WORK INSTRUCTIONS: Transcribe the data. Leave out nothing.

[Referring expression grounding data]
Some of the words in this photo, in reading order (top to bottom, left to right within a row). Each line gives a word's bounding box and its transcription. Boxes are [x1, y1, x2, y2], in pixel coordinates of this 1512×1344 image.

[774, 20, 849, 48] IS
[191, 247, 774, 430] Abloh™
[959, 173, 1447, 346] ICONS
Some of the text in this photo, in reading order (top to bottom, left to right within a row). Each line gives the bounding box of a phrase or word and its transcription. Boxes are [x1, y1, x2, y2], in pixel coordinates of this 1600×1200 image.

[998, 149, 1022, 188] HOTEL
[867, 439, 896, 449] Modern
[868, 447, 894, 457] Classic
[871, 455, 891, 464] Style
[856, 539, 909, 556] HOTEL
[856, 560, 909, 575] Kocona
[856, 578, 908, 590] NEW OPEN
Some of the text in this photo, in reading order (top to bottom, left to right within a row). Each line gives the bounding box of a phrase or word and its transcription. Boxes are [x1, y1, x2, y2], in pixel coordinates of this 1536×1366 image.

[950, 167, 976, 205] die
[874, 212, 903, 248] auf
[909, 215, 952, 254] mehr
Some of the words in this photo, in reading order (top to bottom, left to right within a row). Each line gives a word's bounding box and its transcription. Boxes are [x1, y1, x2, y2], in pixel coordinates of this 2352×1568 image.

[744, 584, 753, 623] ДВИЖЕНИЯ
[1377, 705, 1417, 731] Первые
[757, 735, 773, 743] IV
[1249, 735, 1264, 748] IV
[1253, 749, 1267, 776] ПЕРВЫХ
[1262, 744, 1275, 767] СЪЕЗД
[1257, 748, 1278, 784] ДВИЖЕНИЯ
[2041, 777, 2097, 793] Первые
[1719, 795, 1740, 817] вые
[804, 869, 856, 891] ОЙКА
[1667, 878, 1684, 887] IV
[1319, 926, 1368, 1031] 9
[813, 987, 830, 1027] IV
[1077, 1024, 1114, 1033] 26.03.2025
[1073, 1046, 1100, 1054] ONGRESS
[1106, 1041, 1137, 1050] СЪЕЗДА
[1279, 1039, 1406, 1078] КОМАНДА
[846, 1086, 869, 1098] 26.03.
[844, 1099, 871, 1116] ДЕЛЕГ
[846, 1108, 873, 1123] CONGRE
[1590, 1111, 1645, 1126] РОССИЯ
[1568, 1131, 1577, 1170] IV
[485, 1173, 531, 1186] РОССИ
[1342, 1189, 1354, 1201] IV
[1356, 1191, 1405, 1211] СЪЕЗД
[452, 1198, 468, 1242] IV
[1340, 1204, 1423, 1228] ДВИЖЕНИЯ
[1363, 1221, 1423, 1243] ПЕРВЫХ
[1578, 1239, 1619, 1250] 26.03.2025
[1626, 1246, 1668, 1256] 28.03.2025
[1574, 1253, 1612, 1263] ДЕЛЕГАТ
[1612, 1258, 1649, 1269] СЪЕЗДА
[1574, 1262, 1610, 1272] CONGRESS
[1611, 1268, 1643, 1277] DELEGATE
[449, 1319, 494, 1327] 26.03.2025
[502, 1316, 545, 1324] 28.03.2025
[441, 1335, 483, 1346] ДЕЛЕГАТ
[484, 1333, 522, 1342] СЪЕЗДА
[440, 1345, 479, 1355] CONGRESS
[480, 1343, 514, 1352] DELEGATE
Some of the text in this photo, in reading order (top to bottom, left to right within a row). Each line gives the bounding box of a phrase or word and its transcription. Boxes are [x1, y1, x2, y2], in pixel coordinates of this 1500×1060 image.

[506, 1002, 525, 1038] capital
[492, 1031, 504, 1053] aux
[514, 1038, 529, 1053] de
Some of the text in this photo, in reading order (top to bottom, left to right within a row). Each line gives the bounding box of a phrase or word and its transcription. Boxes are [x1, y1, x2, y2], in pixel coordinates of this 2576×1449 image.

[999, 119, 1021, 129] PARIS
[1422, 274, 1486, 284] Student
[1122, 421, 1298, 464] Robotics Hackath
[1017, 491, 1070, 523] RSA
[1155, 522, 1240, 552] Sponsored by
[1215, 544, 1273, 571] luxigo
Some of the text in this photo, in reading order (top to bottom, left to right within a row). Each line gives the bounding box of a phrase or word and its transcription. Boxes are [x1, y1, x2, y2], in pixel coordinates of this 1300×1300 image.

RESULT FOR THIS EXERCISE:
Some of the words in this photo, in reading order (top to bottom, left to right within a row). Each line gives a word's bounding box and its transcription. Boxes are [x1, y1, x2, y2], in pixel coordinates of this 1512×1344 image.

[774, 20, 849, 48] IS
[191, 247, 774, 430] Abloh™
[959, 173, 1447, 346] ICONS
Some of the text in this photo, in reading order (top to bottom, left to right within a row). Each line gives the bounding box of a phrase or word and its transcription. Boxes are [x1, y1, x2, y2], in pixel coordinates of this 1600×1200 image.

[998, 149, 1022, 188] HOTEL
[867, 439, 896, 449] Modern
[868, 447, 894, 457] Classic
[871, 455, 891, 464] Style
[856, 539, 909, 556] HOTEL
[856, 560, 909, 575] Kocona
[856, 578, 908, 590] NEW OPEN
Some of the text in this photo, in reading order (top to bottom, left to right within a row). Each line gives the bounding box of a phrase or word and its transcription. Boxes are [x1, y1, x2, y2], in pixel coordinates of this 1536×1366 image.

[950, 167, 976, 205] die
[874, 212, 903, 248] auf
[909, 215, 952, 254] mehr
Some of the words in this photo, in reading order (top to bottom, left to right within a row). Each line gives a word's bounding box and its transcription. Boxes are [x1, y1, x2, y2], in pixel coordinates of this 2352×1568 image.

[744, 584, 753, 623] ДВИЖЕНИЯ
[1377, 705, 1417, 731] Первые
[757, 735, 773, 743] IV
[1249, 735, 1264, 748] IV
[1253, 749, 1267, 776] ПЕРВЫХ
[1262, 744, 1275, 767] СЪЕЗД
[1257, 748, 1278, 784] ДВИЖЕНИЯ
[2041, 777, 2097, 793] Первые
[1719, 795, 1740, 817] вые
[804, 869, 856, 891] ОЙКА
[1667, 878, 1684, 887] IV
[1319, 926, 1368, 1031] 9
[813, 987, 830, 1027] IV
[1077, 1024, 1114, 1033] 26.03.2025
[1073, 1046, 1100, 1054] ONGRESS
[1106, 1041, 1137, 1050] СЪЕЗДА
[1279, 1039, 1406, 1078] КОМАНДА
[846, 1086, 869, 1098] 26.03.
[844, 1099, 871, 1116] ДЕЛЕГ
[846, 1108, 873, 1123] CONGRE
[1590, 1111, 1645, 1126] РОССИЯ
[1568, 1131, 1577, 1170] IV
[485, 1173, 531, 1186] РОССИ
[1342, 1189, 1354, 1201] IV
[1356, 1191, 1405, 1211] СЪЕЗД
[452, 1198, 468, 1242] IV
[1340, 1204, 1423, 1228] ДВИЖЕНИЯ
[1363, 1221, 1423, 1243] ПЕРВЫХ
[1578, 1239, 1619, 1250] 26.03.2025
[1626, 1246, 1668, 1256] 28.03.2025
[1574, 1253, 1612, 1263] ДЕЛЕГАТ
[1612, 1258, 1649, 1269] СЪЕЗДА
[1574, 1262, 1610, 1272] CONGRESS
[1611, 1268, 1643, 1277] DELEGATE
[449, 1319, 494, 1327] 26.03.2025
[502, 1316, 545, 1324] 28.03.2025
[441, 1335, 483, 1346] ДЕЛЕГАТ
[484, 1333, 522, 1342] СЪЕЗДА
[440, 1345, 479, 1355] CONGRESS
[480, 1343, 514, 1352] DELEGATE
Some of the text in this photo, in reading order (top to bottom, left to right within a row). Each line gives the bounding box of a phrase or word and its transcription. Boxes are [x1, y1, x2, y2], in pixel coordinates of this 1500×1060 image.

[506, 1002, 525, 1038] capital
[492, 1031, 504, 1053] aux
[514, 1038, 529, 1053] de
Some of the text in this photo, in reading order (top to bottom, left to right within a row). Each line gives the bounding box of a phrase or word and its transcription. Boxes are [x1, y1, x2, y2], in pixel coordinates of this 2576×1449 image.

[999, 119, 1021, 129] PARIS
[1422, 274, 1486, 284] Student
[1122, 421, 1298, 464] Robotics Hackath
[1017, 491, 1070, 523] RSA
[1155, 522, 1240, 552] Sponsored by
[1215, 544, 1273, 571] luxigo
Some of the text in this photo, in reading order (top to bottom, left to right within a row). Each line gives the bounding box of a phrase or word and its transcription. Boxes are [x1, y1, x2, y2], in pixel coordinates of this 1300×1300 image.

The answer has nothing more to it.